- TASK INPUT:
◇ ◇ ◇ ◇

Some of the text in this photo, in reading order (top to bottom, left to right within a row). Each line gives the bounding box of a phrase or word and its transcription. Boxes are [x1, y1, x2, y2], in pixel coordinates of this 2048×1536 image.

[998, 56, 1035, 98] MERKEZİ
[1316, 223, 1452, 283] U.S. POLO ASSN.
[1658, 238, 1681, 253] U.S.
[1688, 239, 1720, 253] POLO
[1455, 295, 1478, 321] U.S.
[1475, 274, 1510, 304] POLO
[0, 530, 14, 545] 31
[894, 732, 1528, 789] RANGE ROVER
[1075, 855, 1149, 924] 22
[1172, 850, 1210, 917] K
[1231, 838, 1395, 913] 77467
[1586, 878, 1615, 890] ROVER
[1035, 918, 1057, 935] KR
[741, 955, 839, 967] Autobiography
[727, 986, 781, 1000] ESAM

◇ ◇ ◇ ◇

- WHAT THE EXERCISE ASKS: Your task is to transcribe each record faithfully and in full.

- SOLVED PROBLEM:
Some of the text in this photo, in reading order (top to bottom, left to right within a row). Each line gives the bounding box of a phrase or word and its transcription. Boxes are [x1, y1, x2, y2], in pixel coordinates of this 2048×1536 image.

[998, 56, 1035, 98] MERKEZİ
[1316, 223, 1452, 283] U.S. POLO ASSN.
[1658, 238, 1681, 253] U.S.
[1688, 239, 1720, 253] POLO
[1455, 295, 1478, 321] U.S.
[1475, 274, 1510, 304] POLO
[0, 530, 14, 545] 31
[894, 732, 1528, 789] RANGE ROVER
[1075, 855, 1149, 924] 22
[1172, 850, 1210, 917] K
[1231, 838, 1395, 913] 77467
[1586, 878, 1615, 890] ROVER
[1035, 918, 1057, 935] KR
[741, 955, 839, 967] Autobiography
[727, 986, 781, 1000] ESAM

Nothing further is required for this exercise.